One embodiment of a temperature sampling device 113 includes an
apparatus (not shown) capable of generating an analog voltage
correlative to a print head temperature. Another embodiment of a
temperature sampling device 113 is a temperature controlled
oscillator (TCO) (not shown) that generates an oscillating signal
whose frequency is proportional to the print head temperature. For
example, the TCO might generate a 50% duty cycle digital square
wave whose frequency might be correlated to an absolute print head
temperature. The temperature regulation controller 100 might sample
the frequency of the signal provided by the TCO to determine the
temperature of the print head 104. Both of the above-described
embodiments for the temperature sampling device 113 are well known
to those in the art and will not be described in further detail. A
person skilled in the art should recognize that the temperature
sampling devices 113 might be implemented using a variety of
different and well-known apparatus and methods including those
described above.
An embodiment of the HTS circuit 110 is an analog to digital (A/D)

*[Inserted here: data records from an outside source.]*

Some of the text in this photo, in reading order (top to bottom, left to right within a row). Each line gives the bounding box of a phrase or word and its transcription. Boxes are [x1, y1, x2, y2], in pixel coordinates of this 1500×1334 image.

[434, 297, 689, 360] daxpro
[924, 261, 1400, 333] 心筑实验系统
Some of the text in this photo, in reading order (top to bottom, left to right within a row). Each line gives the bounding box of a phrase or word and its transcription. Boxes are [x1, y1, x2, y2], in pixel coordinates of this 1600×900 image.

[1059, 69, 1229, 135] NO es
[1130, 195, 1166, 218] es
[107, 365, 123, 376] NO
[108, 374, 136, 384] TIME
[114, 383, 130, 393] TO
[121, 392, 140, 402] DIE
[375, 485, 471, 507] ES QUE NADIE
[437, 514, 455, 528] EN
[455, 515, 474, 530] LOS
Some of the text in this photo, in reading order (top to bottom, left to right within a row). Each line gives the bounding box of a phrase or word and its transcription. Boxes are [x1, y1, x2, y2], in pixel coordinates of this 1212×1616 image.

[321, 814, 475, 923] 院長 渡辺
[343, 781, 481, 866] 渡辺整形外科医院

converter (not shown) that samples an analog signal line from the
print head 104 encoding its temperature. Another embodiment of the
HTS circuit 110 is shown in FIG. 2. Referring to FIG. 2, the HTS
circuit 200 includes a rising edge detector 202 that detects a
rising edge of a TCO signal 208 generated from a temperature
sampling device 113.
An event counter 204 generates a count signal CYCLE_CNT 214
indicative of the number of rising edges detected by the rising
edge detector 202 during a predetermined amount of time. The event
counter 204 also generates a DONE signal 212 indicative of
completing counting. The event counter 204 operates responsive to a
clear signal 216 and an enable signal 218 generated by a duration
counter 206. The event counter 204 clears the count when the
duration counter 206 asserts the clear signal 216. Similarly, the
event counter 204 enables the count when the duration counter 206
asserts the enable signal 218. The duration counter 206 generates
the clear and enable signals 216 and 218, respectively, responsive
to a real time clock signal 220 and a start signal 222. Put
differently, the duration counter 206 sets the predetermined amount
of time during which the event counter 204 counts rising edges of
signal 210 responsive to the clock signal 220 and the start signal
222, the start signal being indicative of a start of the
predetermined amount of time.
Returning to FIG. 1, the HTS circuit 110 generates and provides
head temperature data 128 to a preheat data generator (PDG) circuit
112 responsive to the temperature sampling signals 120. The PDG
circuit 112 receives the head temperature data 128 and generates
therefrom the preheat temperature 130 responsive to the control
signal 118. The PDG circuit 112 translates the head temperature
data 128 into a data type appropriate for a preheat delivery unit
(PDU) 116. For example, assuming the temperature data 122 is a
pulse stream data type, the PDG circuit 112 delivers a string of
digital data 130 to the PDU 116 representative of the pulse
modulation pattern required by the head 104 to properly preheat the
preheat devices 111 for the next nozzle firing.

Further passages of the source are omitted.